▶ Directions for this task:
When responding, copy every record below exactly as it appears.
◆ ◆ ◆ ◆ ◆ ◆ ◆
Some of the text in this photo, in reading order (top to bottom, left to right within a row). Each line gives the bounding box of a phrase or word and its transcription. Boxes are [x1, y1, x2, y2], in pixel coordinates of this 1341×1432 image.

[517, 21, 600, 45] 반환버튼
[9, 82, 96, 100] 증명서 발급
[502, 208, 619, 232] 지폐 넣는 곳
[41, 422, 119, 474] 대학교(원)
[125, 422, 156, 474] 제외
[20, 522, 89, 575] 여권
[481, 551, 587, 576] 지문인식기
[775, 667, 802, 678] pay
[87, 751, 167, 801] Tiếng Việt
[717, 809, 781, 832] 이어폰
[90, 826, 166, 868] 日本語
◆ ◆ ◆ ◆ ◆ ◆ ◆
▶ Response to the task:
Some of the text in this photo, in reading order (top to bottom, left to right within a row). Each line gives the bounding box of a phrase or word and its transcription. Boxes are [x1, y1, x2, y2], in pixel coordinates of this 1341×1432 image.

[517, 21, 600, 45] 반환버튼
[9, 82, 96, 100] 증명서 발급
[502, 208, 619, 232] 지폐 넣는 곳
[41, 422, 119, 474] 대학교(원)
[125, 422, 156, 474] 제외
[20, 522, 89, 575] 여권
[481, 551, 587, 576] 지문인식기
[775, 667, 802, 678] pay
[87, 751, 167, 801] Tiếng Việt
[717, 809, 781, 832] 이어폰
[90, 826, 166, 868] 日本語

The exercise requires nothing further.